The Dancer of Paris is a lost 1926 American silent drama film produced and distributed by First National Pictures. It was directed by Alfred Santell and starred Dorothy Mackaill. A vintage movie trailer displaying short clips of the film still exists.

==Plot==
As described in a film magazine review, Florida flapper Consuelo Cox accepts Sir Roy Martel's proposal, but then overhears him say that he does not really intend to marry her and discovers that his love for her is of the basest sort. She breaks her engagement and swears revenge, vowing to ruin him. Consuelo goes to Paris, becomes a professional dancer at the Boule Rouge, and obtains the apartment across from Sir Roy. At a bachelor party she performs at, the nude female statues suddenly come to life and join in the festivities.

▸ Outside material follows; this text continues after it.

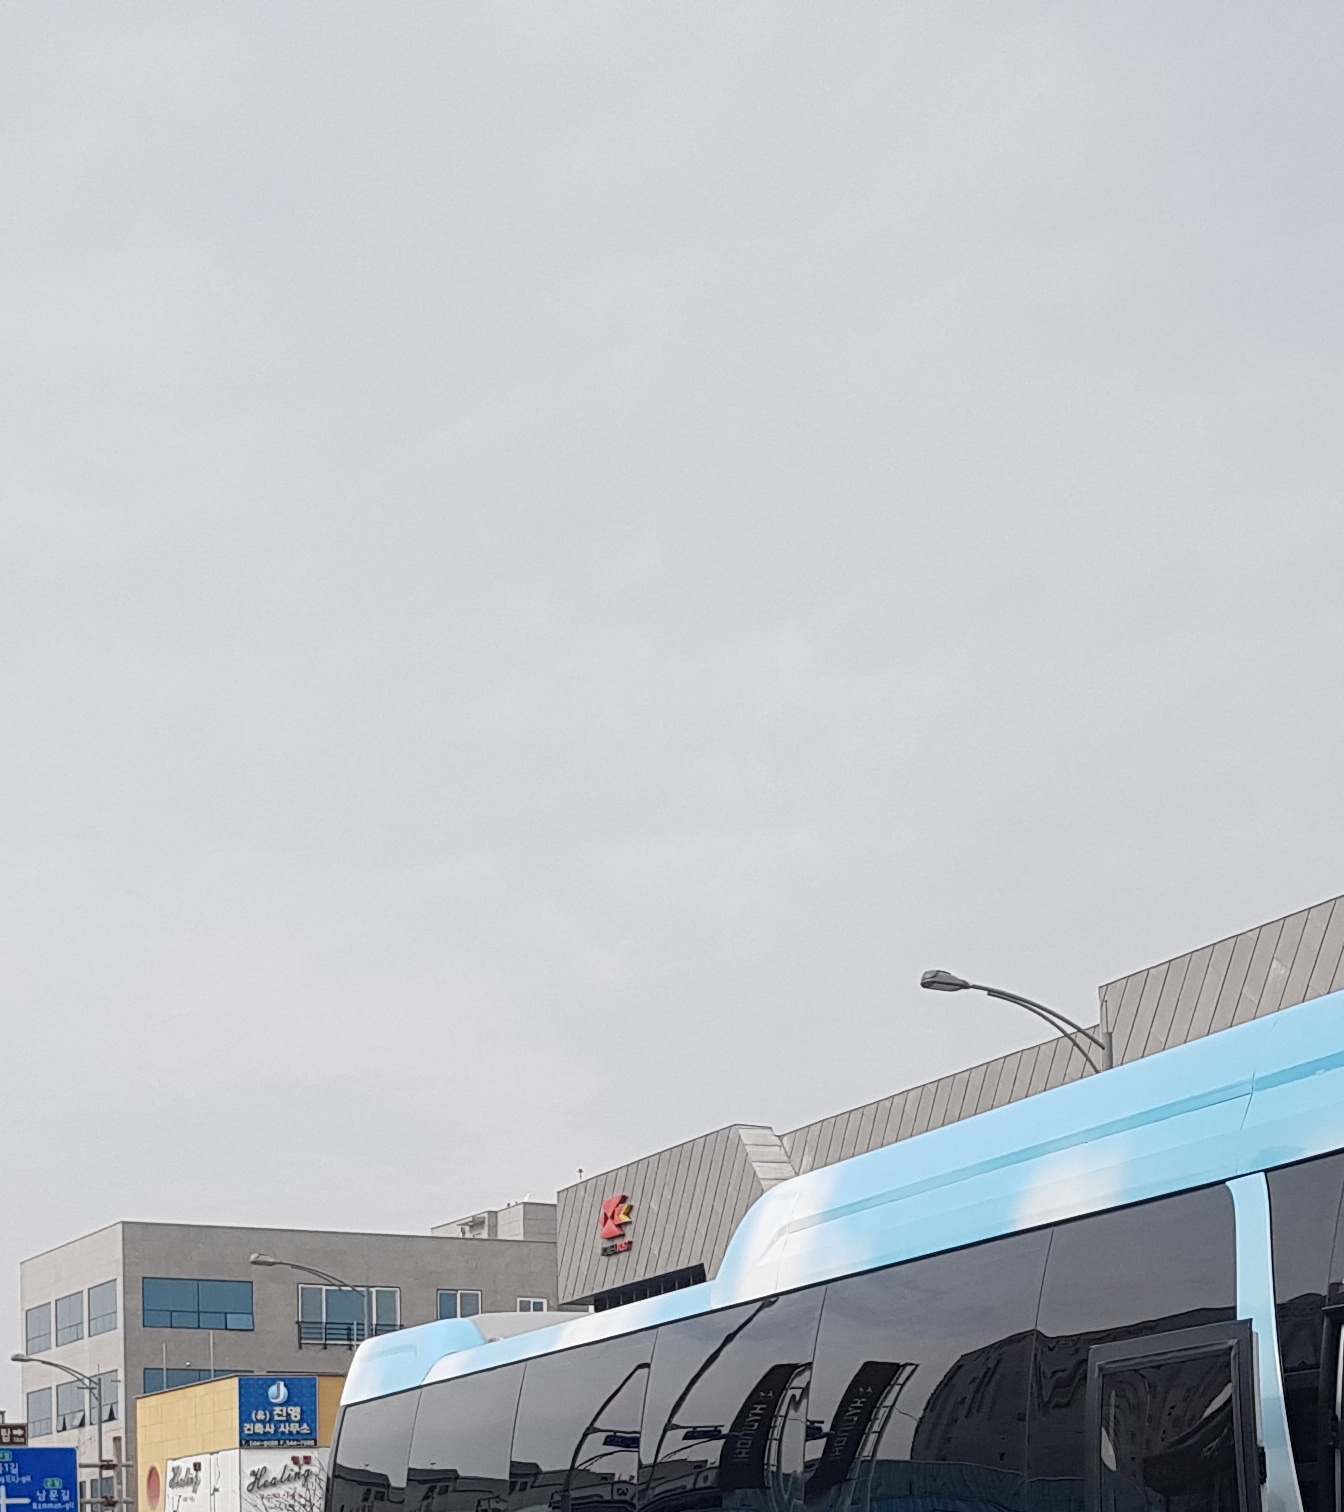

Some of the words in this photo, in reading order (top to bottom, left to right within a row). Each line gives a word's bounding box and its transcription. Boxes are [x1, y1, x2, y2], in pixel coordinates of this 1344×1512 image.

Consuelo falls in love with Noel Anson, a friend of her uncle's. Sir Roy, dying in his apartment, calls for her. She dances for him in a decidedly abbreviated costume until he passes, and then falls into the arms of Noel.

==Cast==
- Conway Tearle as Noel Anson
- Dorothy Mackaill as Consuelo Cox
- Robert Cain as Sir Roy Martel
- Henry Vibart as Doctor Frank
- Paul Ellis as Cortez
- Frances Miller as Mammy (credited as Frances Miller Grant)

==Reception==
Film reviews noted that Mackaill's dancer character was barely dressed at times, in one scene wearing just stones and beadwork and in the finale wearing only a loincloth, breastplate, and cloke, and then starting to remove this clothing. Because of this, like many American films of the time, The Dancer of Paris was subject to cuts by city and state film censorship boards. While the National Board of Review did not require any cuts, the film censor boards of Virginia required 6 cuts, Pennsylvania required 16 cuts, New York 5 cuts, Ohio 10 cuts, and Chicago 4 cuts. The reasons for the cuts varied; while Virginia cut scenes with nudity, Pennsylvania cut nude scenes and suggested drug use, cut or flashed suggestive scenes, and cut or reworded some intertitles. One intertitle changed by this state was from "You are obsessed by an insane desire to intrigue women—to make love to them—to hurt them," to the very different statement "You are obsessed by an insane desire to marry—when the state of your health positively forbids it."